(Collected data)
···
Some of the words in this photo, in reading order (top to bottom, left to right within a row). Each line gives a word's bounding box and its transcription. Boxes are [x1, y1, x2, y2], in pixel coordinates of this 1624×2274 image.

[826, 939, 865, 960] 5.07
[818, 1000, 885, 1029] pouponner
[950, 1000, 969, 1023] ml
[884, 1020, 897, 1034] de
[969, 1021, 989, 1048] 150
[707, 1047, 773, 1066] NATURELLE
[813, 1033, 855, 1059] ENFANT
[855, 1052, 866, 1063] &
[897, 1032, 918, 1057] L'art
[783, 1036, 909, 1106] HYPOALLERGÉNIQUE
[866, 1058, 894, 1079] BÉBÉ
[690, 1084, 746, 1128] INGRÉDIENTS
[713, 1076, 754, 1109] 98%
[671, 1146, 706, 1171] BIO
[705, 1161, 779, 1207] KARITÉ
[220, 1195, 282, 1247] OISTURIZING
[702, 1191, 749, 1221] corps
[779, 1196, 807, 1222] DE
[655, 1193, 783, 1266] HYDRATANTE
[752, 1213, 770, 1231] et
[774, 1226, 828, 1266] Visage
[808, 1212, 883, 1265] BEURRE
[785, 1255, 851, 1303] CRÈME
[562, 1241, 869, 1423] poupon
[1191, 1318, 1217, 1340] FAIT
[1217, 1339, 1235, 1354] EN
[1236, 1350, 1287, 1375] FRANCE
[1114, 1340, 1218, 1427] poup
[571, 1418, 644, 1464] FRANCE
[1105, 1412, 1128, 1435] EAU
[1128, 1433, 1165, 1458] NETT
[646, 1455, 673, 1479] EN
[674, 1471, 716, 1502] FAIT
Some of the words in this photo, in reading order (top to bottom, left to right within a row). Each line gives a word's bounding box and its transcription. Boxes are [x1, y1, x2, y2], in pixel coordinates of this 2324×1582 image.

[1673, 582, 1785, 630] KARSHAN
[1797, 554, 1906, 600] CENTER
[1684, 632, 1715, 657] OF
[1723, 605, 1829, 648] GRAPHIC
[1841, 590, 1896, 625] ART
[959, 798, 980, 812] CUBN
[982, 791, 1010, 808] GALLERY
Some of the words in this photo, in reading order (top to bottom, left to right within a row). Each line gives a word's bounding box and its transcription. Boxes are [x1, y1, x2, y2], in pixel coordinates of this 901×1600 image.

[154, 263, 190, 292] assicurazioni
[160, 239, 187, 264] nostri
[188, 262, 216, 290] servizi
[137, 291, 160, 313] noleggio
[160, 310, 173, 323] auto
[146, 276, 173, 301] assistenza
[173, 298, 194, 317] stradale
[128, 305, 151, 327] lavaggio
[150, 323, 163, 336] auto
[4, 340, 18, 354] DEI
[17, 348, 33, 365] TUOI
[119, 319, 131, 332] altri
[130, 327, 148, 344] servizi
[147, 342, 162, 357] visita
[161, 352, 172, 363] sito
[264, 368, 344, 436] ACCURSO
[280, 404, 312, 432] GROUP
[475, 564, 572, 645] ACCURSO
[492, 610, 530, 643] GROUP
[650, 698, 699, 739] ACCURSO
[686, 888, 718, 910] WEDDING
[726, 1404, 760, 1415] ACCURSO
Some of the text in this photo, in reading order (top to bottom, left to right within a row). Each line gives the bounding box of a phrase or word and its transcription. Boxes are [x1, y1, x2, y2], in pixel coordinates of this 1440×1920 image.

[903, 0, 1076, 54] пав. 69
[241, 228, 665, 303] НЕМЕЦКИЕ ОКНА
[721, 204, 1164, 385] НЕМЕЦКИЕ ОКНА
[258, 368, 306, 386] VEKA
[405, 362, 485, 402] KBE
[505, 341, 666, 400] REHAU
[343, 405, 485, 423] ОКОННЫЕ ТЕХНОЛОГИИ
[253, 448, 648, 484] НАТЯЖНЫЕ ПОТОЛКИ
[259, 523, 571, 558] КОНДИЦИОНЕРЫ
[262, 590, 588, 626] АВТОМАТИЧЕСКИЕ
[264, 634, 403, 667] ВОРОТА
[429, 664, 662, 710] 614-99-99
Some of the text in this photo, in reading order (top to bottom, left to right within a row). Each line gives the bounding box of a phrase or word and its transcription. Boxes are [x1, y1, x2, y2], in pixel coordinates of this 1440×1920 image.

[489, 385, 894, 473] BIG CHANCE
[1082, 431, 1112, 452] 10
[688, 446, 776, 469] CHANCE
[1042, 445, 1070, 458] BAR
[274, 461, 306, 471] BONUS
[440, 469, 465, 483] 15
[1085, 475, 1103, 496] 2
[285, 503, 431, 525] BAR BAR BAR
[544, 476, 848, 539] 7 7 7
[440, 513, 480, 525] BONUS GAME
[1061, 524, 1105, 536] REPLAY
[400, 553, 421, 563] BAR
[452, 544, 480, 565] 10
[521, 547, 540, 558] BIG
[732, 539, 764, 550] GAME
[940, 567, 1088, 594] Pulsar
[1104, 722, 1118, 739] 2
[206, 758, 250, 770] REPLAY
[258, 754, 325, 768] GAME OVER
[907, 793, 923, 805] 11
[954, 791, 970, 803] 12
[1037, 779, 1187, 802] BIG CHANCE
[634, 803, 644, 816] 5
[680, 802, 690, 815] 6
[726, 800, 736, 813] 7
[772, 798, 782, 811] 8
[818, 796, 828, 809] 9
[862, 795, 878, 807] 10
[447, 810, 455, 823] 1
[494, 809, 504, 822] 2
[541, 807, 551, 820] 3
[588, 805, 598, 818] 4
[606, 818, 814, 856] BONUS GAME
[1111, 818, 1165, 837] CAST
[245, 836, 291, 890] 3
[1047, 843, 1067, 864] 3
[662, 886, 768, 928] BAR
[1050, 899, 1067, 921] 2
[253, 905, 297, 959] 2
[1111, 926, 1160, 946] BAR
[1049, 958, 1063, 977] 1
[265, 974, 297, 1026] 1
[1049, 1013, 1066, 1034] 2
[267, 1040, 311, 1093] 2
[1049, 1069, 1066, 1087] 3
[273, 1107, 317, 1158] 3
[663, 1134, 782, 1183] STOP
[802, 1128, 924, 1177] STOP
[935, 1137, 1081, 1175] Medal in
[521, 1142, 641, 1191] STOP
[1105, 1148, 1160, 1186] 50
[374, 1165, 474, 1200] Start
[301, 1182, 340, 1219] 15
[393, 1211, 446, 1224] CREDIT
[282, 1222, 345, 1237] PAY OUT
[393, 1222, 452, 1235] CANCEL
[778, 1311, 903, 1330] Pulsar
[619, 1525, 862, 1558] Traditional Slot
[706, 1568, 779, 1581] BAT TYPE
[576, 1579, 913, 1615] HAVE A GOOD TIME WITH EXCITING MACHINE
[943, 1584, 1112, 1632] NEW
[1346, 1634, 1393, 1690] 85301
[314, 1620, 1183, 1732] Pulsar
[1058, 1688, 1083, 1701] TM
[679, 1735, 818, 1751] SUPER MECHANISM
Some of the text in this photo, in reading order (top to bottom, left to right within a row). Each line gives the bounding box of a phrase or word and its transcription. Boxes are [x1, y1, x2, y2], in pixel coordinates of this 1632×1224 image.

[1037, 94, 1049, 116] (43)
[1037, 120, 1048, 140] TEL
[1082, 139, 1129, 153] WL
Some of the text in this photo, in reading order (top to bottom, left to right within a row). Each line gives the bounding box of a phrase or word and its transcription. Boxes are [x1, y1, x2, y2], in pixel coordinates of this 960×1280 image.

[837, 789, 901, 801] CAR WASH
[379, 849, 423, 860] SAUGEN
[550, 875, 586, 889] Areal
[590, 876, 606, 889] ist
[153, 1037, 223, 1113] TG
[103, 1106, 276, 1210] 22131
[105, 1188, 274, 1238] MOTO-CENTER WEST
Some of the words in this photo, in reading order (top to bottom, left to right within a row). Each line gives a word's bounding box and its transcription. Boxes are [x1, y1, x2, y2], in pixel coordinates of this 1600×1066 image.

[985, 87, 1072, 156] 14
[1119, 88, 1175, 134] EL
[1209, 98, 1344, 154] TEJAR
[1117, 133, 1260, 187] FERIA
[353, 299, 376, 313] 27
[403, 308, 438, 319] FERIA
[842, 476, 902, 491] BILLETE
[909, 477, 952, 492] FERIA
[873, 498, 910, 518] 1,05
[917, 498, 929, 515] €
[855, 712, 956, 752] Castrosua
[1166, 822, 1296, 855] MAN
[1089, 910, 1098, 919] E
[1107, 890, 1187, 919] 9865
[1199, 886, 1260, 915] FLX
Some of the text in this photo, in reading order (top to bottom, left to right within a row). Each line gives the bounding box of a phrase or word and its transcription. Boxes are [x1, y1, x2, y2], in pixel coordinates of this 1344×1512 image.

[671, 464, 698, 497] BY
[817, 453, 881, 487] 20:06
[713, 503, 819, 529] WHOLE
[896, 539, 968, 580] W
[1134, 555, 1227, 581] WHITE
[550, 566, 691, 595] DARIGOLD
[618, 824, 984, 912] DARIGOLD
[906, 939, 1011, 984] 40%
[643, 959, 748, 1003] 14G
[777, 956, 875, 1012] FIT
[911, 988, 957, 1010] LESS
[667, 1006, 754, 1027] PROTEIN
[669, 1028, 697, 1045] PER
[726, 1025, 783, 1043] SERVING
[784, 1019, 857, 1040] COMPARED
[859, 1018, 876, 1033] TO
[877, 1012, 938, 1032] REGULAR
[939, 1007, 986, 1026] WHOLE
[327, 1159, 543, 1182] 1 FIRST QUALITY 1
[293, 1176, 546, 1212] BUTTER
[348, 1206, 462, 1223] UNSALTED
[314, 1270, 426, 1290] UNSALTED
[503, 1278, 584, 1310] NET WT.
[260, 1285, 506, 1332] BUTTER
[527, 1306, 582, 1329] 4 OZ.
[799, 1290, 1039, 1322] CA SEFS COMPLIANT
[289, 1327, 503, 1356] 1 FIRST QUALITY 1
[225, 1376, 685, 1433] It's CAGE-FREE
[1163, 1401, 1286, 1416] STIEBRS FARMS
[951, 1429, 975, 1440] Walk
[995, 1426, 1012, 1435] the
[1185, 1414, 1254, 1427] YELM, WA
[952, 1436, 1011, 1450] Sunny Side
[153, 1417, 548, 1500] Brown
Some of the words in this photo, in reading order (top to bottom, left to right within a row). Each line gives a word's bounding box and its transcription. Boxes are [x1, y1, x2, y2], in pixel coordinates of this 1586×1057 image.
···
Word for word, repeat the lines from the one holding "this 1600×1066 image." through the last line of the entries, both included.

Some of the words in this photo, in reading order (top to bottom, left to right within a row). Each line gives a word's bounding box and its transcription. Boxes are [x1, y1, x2, y2], in pixel coordinates of this 1600×1066 image.

[985, 87, 1072, 156] 14
[1119, 88, 1175, 134] EL
[1209, 98, 1344, 154] TEJAR
[1117, 133, 1260, 187] FERIA
[353, 299, 376, 313] 27
[403, 308, 438, 319] FERIA
[842, 476, 902, 491] BILLETE
[909, 477, 952, 492] FERIA
[873, 498, 910, 518] 1,05
[917, 498, 929, 515] €
[855, 712, 956, 752] Castrosua
[1166, 822, 1296, 855] MAN
[1089, 910, 1098, 919] E
[1107, 890, 1187, 919] 9865
[1199, 886, 1260, 915] FLX
Some of the text in this photo, in reading order (top to bottom, left to right within a row). Each line gives the bounding box of a phrase or word and its transcription. Boxes are [x1, y1, x2, y2], in pixel coordinates of this 1344×1512 image.

[671, 464, 698, 497] BY
[817, 453, 881, 487] 20:06
[713, 503, 819, 529] WHOLE
[896, 539, 968, 580] W
[1134, 555, 1227, 581] WHITE
[550, 566, 691, 595] DARIGOLD
[618, 824, 984, 912] DARIGOLD
[906, 939, 1011, 984] 40%
[643, 959, 748, 1003] 14G
[777, 956, 875, 1012] FIT
[911, 988, 957, 1010] LESS
[667, 1006, 754, 1027] PROTEIN
[669, 1028, 697, 1045] PER
[726, 1025, 783, 1043] SERVING
[784, 1019, 857, 1040] COMPARED
[859, 1018, 876, 1033] TO
[877, 1012, 938, 1032] REGULAR
[939, 1007, 986, 1026] WHOLE
[327, 1159, 543, 1182] 1 FIRST QUALITY 1
[293, 1176, 546, 1212] BUTTER
[348, 1206, 462, 1223] UNSALTED
[314, 1270, 426, 1290] UNSALTED
[503, 1278, 584, 1310] NET WT.
[260, 1285, 506, 1332] BUTTER
[527, 1306, 582, 1329] 4 OZ.
[799, 1290, 1039, 1322] CA SEFS COMPLIANT
[289, 1327, 503, 1356] 1 FIRST QUALITY 1
[225, 1376, 685, 1433] It's CAGE-FREE
[1163, 1401, 1286, 1416] STIEBRS FARMS
[951, 1429, 975, 1440] Walk
[995, 1426, 1012, 1435] the
[1185, 1414, 1254, 1427] YELM, WA
[952, 1436, 1011, 1450] Sunny Side
[153, 1417, 548, 1500] Brown
Some of the words in this photo, in reading order (top to bottom, left to right within a row). Each line gives a word's bounding box and its transcription. Boxes are [x1, y1, x2, y2], in pixel coordinates of this 1586×1057 image.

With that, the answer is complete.